Pavlovitz writes about how Hillary Clinton has served this country her entire life, and he knows she’ll continue to do the daily, difficult, unglamorous work of real leadership; “the kind that your opponent will never understand” or be interested in doing behind the scenes, “away from the spotlight; not fishing for compliments or pleading for adulation or begging to noticed.”
“I know you’re a warrior and that you’re going to be fine, but I also know that you’re human and that this year must have taken a greater toll on you than anyone. I hope you realize that it wasn’t in vain; that you really have won (and not just the popular vote).”
He says Hillary Clinton won because she reminded us that our diversity is our greatest asset and through equality we really are stronger together. Hillary’s won because she “didn’t need to manufacture fear to draw people” to her, and she “didn’t have to create a villain out of someone’s religion or skin color or native language or sexual orientation.” She’s the winner because the nearly 66 million Americans voted for her “now have a vision and a reason to fight on, and we will.” Pavlovitz says, “We will be the strong, steady resistance to the bigots and the bullies.” He writes that most of all, Hillary won because she did what good people always do regardless of the cost or the pushback or the reception, she went high — where the real victory is.
In his conclusion, John Pavlovitz tells Hillary:
“So for all that you gave and suffered and endured,
for how you taught and cared and labored,
for the way you inspired and challenged and led,
for being the very best of this country and for this country—
Thank you, Hillary.
Pavlovitz did not mention Hillary’s opponent during his entire piece.
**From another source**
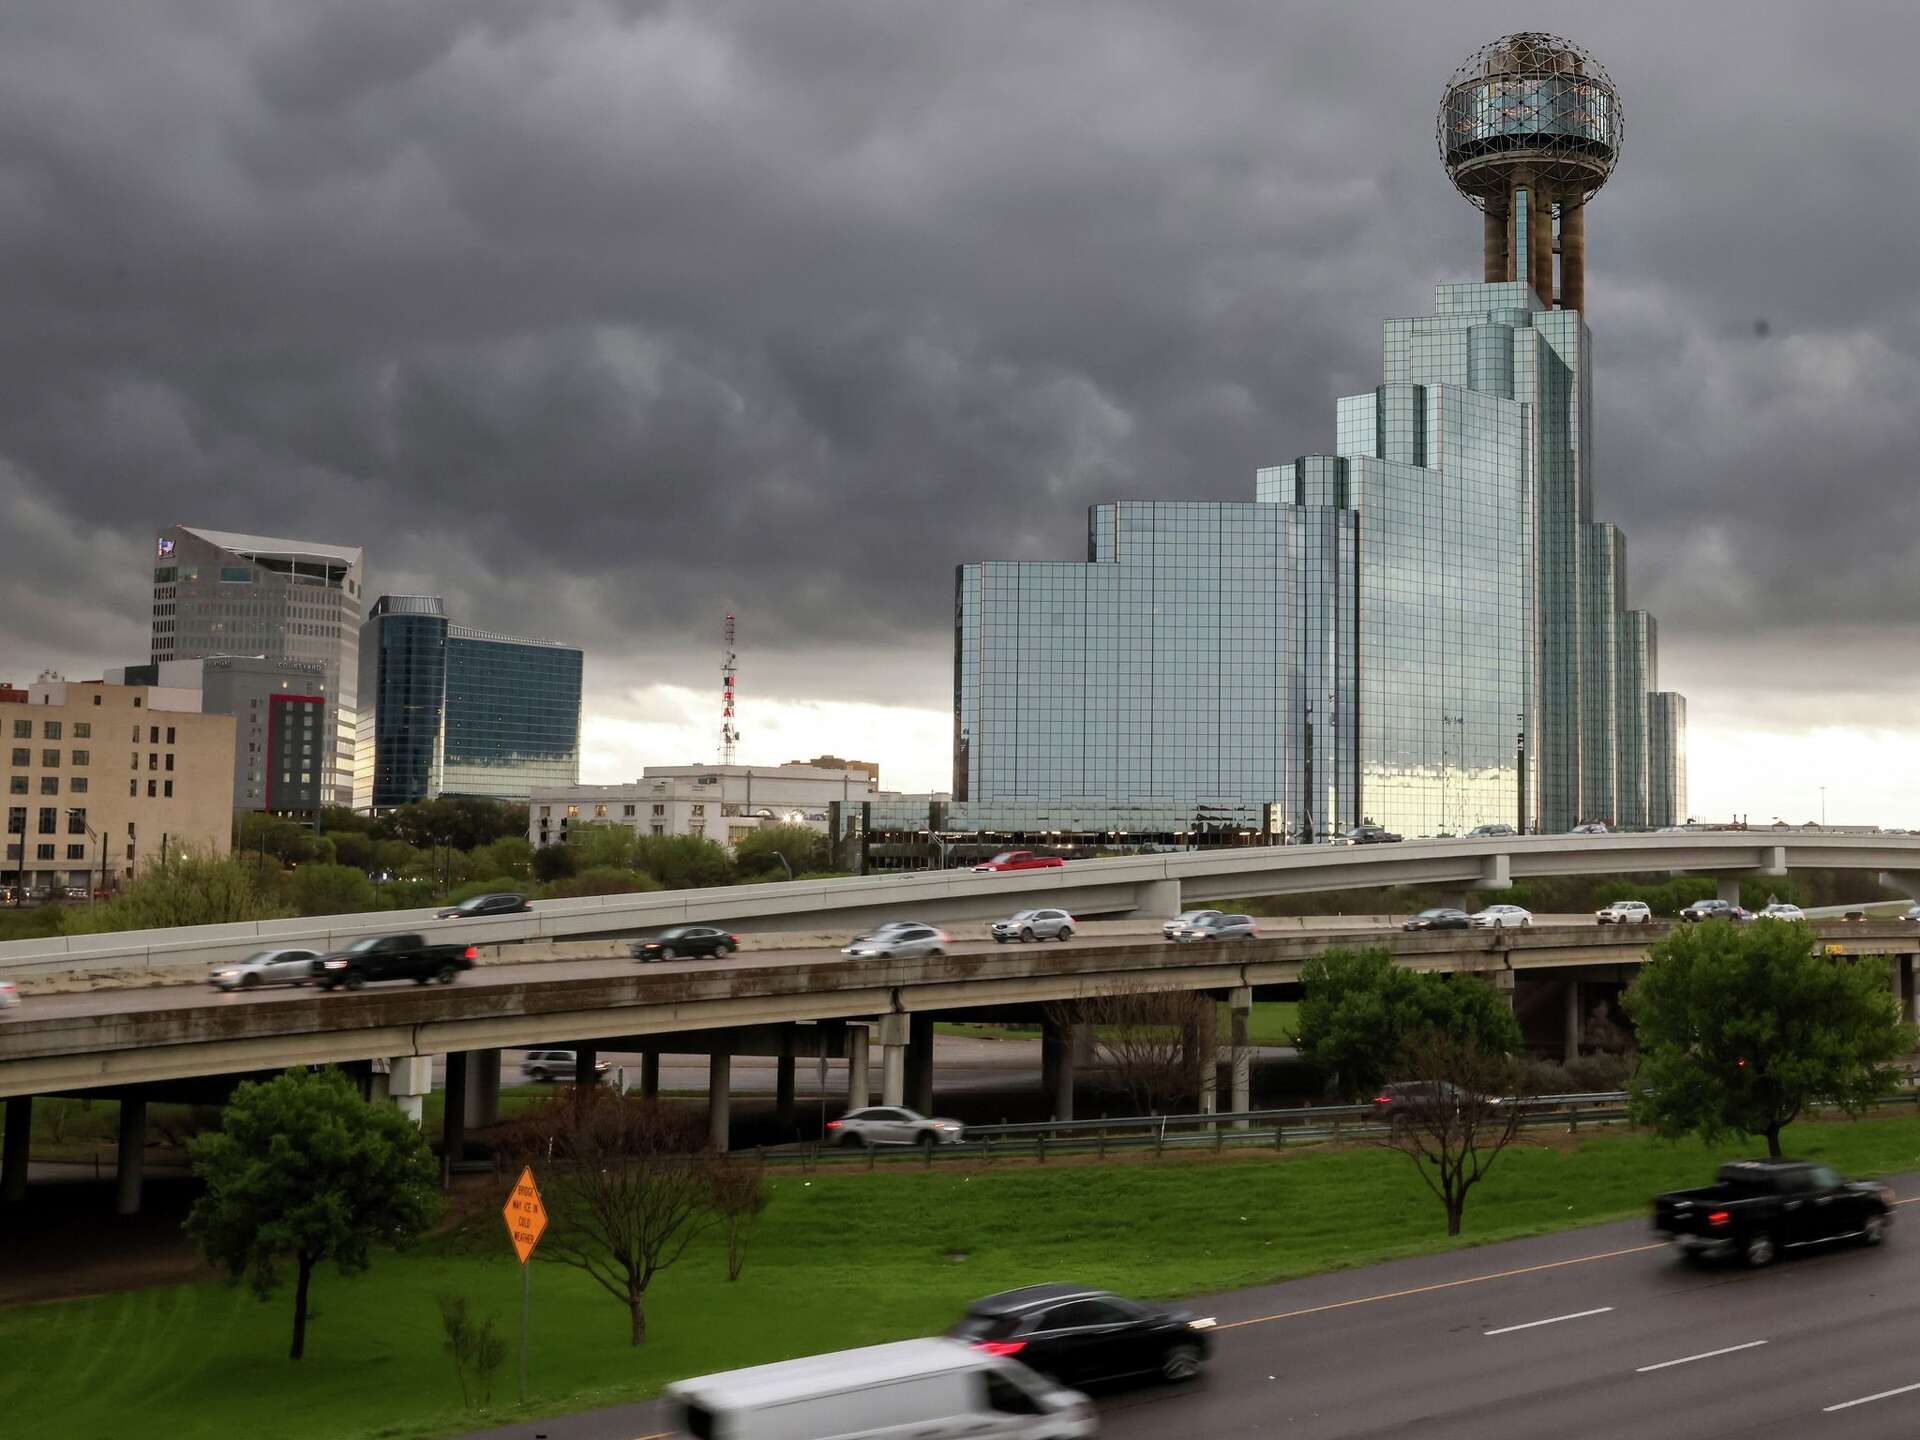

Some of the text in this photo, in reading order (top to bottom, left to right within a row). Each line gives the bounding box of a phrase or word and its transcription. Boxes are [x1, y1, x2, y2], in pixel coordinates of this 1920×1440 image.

[512, 1199, 521, 1209] MAY
[518, 1216, 530, 1228] COLD
[514, 1231, 534, 1245] WEATHER
Although social and traditional media is still consumed and obsessed with stories about the president-elect (guilty), how refreshing to read a piece that doesn’t include that person’s name and instead includes more about the good in this country and those work to make it better — and here’s to the men and women of faith who speak out for that good.
[Pavlovitz begins his letter: “I hope this finds you well. I’ve been meaning to write you for a while. I was thinking of you again today and I guess I just wanted to let you know that I appreciate you.”
“I’m sorry that this country will be far less diverse, less civil, less open, and less compassionate than it would have been with you guiding it.
“I’m sorry that enough people chose his sideshow over your steadiness, and that we now all have to endure the terrifying circus.
“Most of all I’m sorry that you will not be my President, because like me I believe that you care for the full breadth of America’s diversity, not just the smallest sliver of it—and I would have been proud to have been led by you.”